**EXERCISE PROMPT:** The records below must be copied out completely and exactly.

**Collection entries:**
────

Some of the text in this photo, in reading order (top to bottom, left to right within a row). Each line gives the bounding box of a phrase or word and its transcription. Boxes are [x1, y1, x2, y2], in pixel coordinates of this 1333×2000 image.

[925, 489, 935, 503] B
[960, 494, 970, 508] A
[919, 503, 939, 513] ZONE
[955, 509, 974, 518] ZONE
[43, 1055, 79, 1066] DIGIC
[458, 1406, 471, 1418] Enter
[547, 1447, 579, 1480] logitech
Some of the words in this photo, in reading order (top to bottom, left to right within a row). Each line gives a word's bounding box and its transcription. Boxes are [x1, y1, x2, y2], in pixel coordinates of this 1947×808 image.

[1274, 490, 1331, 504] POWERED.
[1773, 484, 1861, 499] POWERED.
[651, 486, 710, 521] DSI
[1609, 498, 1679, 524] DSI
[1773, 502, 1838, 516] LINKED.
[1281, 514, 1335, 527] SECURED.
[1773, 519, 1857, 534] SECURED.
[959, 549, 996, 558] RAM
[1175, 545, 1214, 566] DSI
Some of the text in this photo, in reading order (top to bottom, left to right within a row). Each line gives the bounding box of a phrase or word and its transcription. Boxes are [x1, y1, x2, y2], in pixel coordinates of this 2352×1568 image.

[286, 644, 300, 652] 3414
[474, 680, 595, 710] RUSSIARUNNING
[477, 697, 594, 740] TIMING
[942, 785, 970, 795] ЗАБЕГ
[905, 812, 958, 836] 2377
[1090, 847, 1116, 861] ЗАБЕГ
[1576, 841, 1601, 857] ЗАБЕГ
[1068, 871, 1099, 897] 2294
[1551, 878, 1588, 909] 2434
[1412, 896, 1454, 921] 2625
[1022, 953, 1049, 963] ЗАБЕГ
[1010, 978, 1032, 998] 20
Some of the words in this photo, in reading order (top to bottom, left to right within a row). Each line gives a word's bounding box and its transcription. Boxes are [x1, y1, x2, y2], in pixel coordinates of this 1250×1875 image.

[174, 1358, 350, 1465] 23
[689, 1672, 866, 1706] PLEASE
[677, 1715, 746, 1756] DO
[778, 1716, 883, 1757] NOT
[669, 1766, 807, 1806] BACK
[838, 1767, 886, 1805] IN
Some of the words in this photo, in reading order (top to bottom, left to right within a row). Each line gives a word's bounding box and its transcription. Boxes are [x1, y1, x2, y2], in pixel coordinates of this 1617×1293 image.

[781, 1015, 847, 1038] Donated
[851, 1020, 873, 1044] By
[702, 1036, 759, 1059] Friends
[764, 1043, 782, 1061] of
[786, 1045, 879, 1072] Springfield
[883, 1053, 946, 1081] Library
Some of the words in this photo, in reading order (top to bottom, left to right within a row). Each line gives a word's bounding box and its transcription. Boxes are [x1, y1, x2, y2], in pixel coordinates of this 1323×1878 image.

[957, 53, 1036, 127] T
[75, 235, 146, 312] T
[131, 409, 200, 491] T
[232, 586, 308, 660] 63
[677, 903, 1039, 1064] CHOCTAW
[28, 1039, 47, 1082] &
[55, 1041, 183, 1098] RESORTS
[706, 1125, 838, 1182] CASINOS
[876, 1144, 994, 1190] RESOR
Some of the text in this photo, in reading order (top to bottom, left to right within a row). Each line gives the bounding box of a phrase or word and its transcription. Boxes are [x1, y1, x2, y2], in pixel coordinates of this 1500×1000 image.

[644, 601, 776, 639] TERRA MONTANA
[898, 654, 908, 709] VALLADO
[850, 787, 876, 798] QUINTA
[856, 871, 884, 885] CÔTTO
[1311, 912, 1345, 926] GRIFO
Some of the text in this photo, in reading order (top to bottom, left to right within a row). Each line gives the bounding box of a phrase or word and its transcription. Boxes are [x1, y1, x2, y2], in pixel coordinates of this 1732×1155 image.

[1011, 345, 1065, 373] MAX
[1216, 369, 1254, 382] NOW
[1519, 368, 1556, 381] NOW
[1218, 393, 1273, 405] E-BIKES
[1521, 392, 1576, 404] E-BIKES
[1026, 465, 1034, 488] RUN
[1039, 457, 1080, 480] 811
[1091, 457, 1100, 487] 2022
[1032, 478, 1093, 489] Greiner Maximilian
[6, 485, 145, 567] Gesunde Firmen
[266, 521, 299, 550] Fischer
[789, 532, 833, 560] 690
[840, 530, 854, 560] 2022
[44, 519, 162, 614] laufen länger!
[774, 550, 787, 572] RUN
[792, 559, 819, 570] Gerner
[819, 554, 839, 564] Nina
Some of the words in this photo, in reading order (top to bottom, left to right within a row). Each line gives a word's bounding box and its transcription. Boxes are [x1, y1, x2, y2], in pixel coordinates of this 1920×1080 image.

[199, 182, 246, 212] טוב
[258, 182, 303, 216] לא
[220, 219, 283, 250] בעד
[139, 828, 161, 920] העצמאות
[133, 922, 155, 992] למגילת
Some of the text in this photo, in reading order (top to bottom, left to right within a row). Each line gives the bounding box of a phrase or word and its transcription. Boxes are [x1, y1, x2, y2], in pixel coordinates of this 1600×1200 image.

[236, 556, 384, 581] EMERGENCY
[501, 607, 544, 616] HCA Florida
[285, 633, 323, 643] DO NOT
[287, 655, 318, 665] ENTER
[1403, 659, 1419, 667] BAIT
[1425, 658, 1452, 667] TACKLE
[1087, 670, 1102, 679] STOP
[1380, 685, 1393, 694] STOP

────

**YOUR RESPONSE:**
Some of the text in this photo, in reading order (top to bottom, left to right within a row). Each line gives the bounding box of a phrase or word and its transcription. Boxes are [x1, y1, x2, y2], in pixel coordinates of this 1333×2000 image.

[925, 489, 935, 503] B
[960, 494, 970, 508] A
[919, 503, 939, 513] ZONE
[955, 509, 974, 518] ZONE
[43, 1055, 79, 1066] DIGIC
[458, 1406, 471, 1418] Enter
[547, 1447, 579, 1480] logitech
Some of the words in this photo, in reading order (top to bottom, left to right within a row). Each line gives a word's bounding box and its transcription. Boxes are [x1, y1, x2, y2], in pixel coordinates of this 1947×808 image.

[1274, 490, 1331, 504] POWERED.
[1773, 484, 1861, 499] POWERED.
[651, 486, 710, 521] DSI
[1609, 498, 1679, 524] DSI
[1773, 502, 1838, 516] LINKED.
[1281, 514, 1335, 527] SECURED.
[1773, 519, 1857, 534] SECURED.
[959, 549, 996, 558] RAM
[1175, 545, 1214, 566] DSI
Some of the text in this photo, in reading order (top to bottom, left to right within a row). Each line gives the bounding box of a phrase or word and its transcription. Boxes are [x1, y1, x2, y2], in pixel coordinates of this 2352×1568 image.

[286, 644, 300, 652] 3414
[474, 680, 595, 710] RUSSIARUNNING
[477, 697, 594, 740] TIMING
[942, 785, 970, 795] ЗАБЕГ
[905, 812, 958, 836] 2377
[1090, 847, 1116, 861] ЗАБЕГ
[1576, 841, 1601, 857] ЗАБЕГ
[1068, 871, 1099, 897] 2294
[1551, 878, 1588, 909] 2434
[1412, 896, 1454, 921] 2625
[1022, 953, 1049, 963] ЗАБЕГ
[1010, 978, 1032, 998] 20
Some of the words in this photo, in reading order (top to bottom, left to right within a row). Each line gives a word's bounding box and its transcription. Boxes are [x1, y1, x2, y2], in pixel coordinates of this 1250×1875 image.

[174, 1358, 350, 1465] 23
[689, 1672, 866, 1706] PLEASE
[677, 1715, 746, 1756] DO
[778, 1716, 883, 1757] NOT
[669, 1766, 807, 1806] BACK
[838, 1767, 886, 1805] IN
Some of the words in this photo, in reading order (top to bottom, left to right within a row). Each line gives a word's bounding box and its transcription. Boxes are [x1, y1, x2, y2], in pixel coordinates of this 1617×1293 image.

[781, 1015, 847, 1038] Donated
[851, 1020, 873, 1044] By
[702, 1036, 759, 1059] Friends
[764, 1043, 782, 1061] of
[786, 1045, 879, 1072] Springfield
[883, 1053, 946, 1081] Library
Some of the words in this photo, in reading order (top to bottom, left to right within a row). Each line gives a word's bounding box and its transcription. Boxes are [x1, y1, x2, y2], in pixel coordinates of this 1323×1878 image.

[957, 53, 1036, 127] T
[75, 235, 146, 312] T
[131, 409, 200, 491] T
[232, 586, 308, 660] 63
[677, 903, 1039, 1064] CHOCTAW
[28, 1039, 47, 1082] &
[55, 1041, 183, 1098] RESORTS
[706, 1125, 838, 1182] CASINOS
[876, 1144, 994, 1190] RESOR
Some of the text in this photo, in reading order (top to bottom, left to right within a row). Each line gives the bounding box of a phrase or word and its transcription. Boxes are [x1, y1, x2, y2], in pixel coordinates of this 1500×1000 image.

[644, 601, 776, 639] TERRA MONTANA
[898, 654, 908, 709] VALLADO
[850, 787, 876, 798] QUINTA
[856, 871, 884, 885] CÔTTO
[1311, 912, 1345, 926] GRIFO
Some of the text in this photo, in reading order (top to bottom, left to right within a row). Each line gives the bounding box of a phrase or word and its transcription. Boxes are [x1, y1, x2, y2], in pixel coordinates of this 1732×1155 image.

[1011, 345, 1065, 373] MAX
[1216, 369, 1254, 382] NOW
[1519, 368, 1556, 381] NOW
[1218, 393, 1273, 405] E-BIKES
[1521, 392, 1576, 404] E-BIKES
[1026, 465, 1034, 488] RUN
[1039, 457, 1080, 480] 811
[1091, 457, 1100, 487] 2022
[1032, 478, 1093, 489] Greiner Maximilian
[6, 485, 145, 567] Gesunde Firmen
[266, 521, 299, 550] Fischer
[789, 532, 833, 560] 690
[840, 530, 854, 560] 2022
[44, 519, 162, 614] laufen länger!
[774, 550, 787, 572] RUN
[792, 559, 819, 570] Gerner
[819, 554, 839, 564] Nina
Some of the words in this photo, in reading order (top to bottom, left to right within a row). Each line gives a word's bounding box and its transcription. Boxes are [x1, y1, x2, y2], in pixel coordinates of this 1920×1080 image.

[199, 182, 246, 212] טוב
[258, 182, 303, 216] לא
[220, 219, 283, 250] בעד
[139, 828, 161, 920] העצמאות
[133, 922, 155, 992] למגילת
Some of the text in this photo, in reading order (top to bottom, left to right within a row). Each line gives the bounding box of a phrase or word and its transcription. Boxes are [x1, y1, x2, y2], in pixel coordinates of this 1600×1200 image.

[236, 556, 384, 581] EMERGENCY
[501, 607, 544, 616] HCA Florida
[285, 633, 323, 643] DO NOT
[287, 655, 318, 665] ENTER
[1403, 659, 1419, 667] BAIT
[1425, 658, 1452, 667] TACKLE
[1087, 670, 1102, 679] STOP
[1380, 685, 1393, 694] STOP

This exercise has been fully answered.